╭─ SOURCE INFORMATION

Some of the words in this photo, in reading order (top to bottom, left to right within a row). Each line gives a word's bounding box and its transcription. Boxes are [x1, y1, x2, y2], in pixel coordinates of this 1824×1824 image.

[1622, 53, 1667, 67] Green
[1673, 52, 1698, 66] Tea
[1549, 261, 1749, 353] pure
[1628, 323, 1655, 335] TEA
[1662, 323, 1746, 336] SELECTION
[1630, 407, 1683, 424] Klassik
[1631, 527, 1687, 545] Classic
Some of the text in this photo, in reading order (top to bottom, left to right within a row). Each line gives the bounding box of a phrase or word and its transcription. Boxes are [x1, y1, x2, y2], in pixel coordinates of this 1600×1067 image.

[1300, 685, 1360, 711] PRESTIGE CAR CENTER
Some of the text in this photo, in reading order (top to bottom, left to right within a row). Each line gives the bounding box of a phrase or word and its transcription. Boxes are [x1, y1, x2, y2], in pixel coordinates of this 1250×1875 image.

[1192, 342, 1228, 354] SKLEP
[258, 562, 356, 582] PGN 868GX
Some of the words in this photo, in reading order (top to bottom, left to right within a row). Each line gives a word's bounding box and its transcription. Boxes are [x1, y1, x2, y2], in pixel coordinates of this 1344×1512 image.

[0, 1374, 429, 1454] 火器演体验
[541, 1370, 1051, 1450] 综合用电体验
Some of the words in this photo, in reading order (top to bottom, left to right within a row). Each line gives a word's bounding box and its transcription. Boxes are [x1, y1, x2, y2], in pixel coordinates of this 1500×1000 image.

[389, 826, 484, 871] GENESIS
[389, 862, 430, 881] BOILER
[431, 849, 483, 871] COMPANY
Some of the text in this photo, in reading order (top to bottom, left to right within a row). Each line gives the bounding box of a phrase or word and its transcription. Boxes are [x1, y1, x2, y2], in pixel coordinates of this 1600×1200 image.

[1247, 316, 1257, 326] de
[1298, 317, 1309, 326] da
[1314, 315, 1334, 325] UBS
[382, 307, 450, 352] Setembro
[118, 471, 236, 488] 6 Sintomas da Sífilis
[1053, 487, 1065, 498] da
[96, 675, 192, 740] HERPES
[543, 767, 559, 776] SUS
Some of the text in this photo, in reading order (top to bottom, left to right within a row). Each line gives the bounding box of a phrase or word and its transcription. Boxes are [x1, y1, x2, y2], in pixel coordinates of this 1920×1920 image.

╰─

> WHAT IS REQUIRED:
If a line appears above, it belongs in your answer, printed exactly.

> EXERCISE OUTPUT:
Some of the words in this photo, in reading order (top to bottom, left to right within a row). Each line gives a word's bounding box and its transcription. Boxes are [x1, y1, x2, y2], in pixel coordinates of this 1824×1824 image.

[1622, 53, 1667, 67] Green
[1673, 52, 1698, 66] Tea
[1549, 261, 1749, 353] pure
[1628, 323, 1655, 335] TEA
[1662, 323, 1746, 336] SELECTION
[1630, 407, 1683, 424] Klassik
[1631, 527, 1687, 545] Classic
Some of the text in this photo, in reading order (top to bottom, left to right within a row). Each line gives the bounding box of a phrase or word and its transcription. Boxes are [x1, y1, x2, y2], in pixel coordinates of this 1600×1067 image.

[1300, 685, 1360, 711] PRESTIGE CAR CENTER
Some of the text in this photo, in reading order (top to bottom, left to right within a row). Each line gives the bounding box of a phrase or word and its transcription. Boxes are [x1, y1, x2, y2], in pixel coordinates of this 1250×1875 image.

[1192, 342, 1228, 354] SKLEP
[258, 562, 356, 582] PGN 868GX
Some of the words in this photo, in reading order (top to bottom, left to right within a row). Each line gives a word's bounding box and its transcription. Boxes are [x1, y1, x2, y2], in pixel coordinates of this 1344×1512 image.

[0, 1374, 429, 1454] 火器演体验
[541, 1370, 1051, 1450] 综合用电体验
Some of the words in this photo, in reading order (top to bottom, left to right within a row). Each line gives a word's bounding box and its transcription. Boxes are [x1, y1, x2, y2], in pixel coordinates of this 1500×1000 image.

[389, 826, 484, 871] GENESIS
[389, 862, 430, 881] BOILER
[431, 849, 483, 871] COMPANY
Some of the text in this photo, in reading order (top to bottom, left to right within a row). Each line gives the bounding box of a phrase or word and its transcription. Boxes are [x1, y1, x2, y2], in pixel coordinates of this 1600×1200 image.

[1247, 316, 1257, 326] de
[1298, 317, 1309, 326] da
[1314, 315, 1334, 325] UBS
[382, 307, 450, 352] Setembro
[118, 471, 236, 488] 6 Sintomas da Sífilis
[1053, 487, 1065, 498] da
[96, 675, 192, 740] HERPES
[543, 767, 559, 776] SUS
Some of the text in this photo, in reading order (top to bottom, left to right within a row). Each line gives the bounding box of a phrase or word and its transcription. Boxes are [x1, y1, x2, y2], in pixel coordinates of this 1920×1920 image.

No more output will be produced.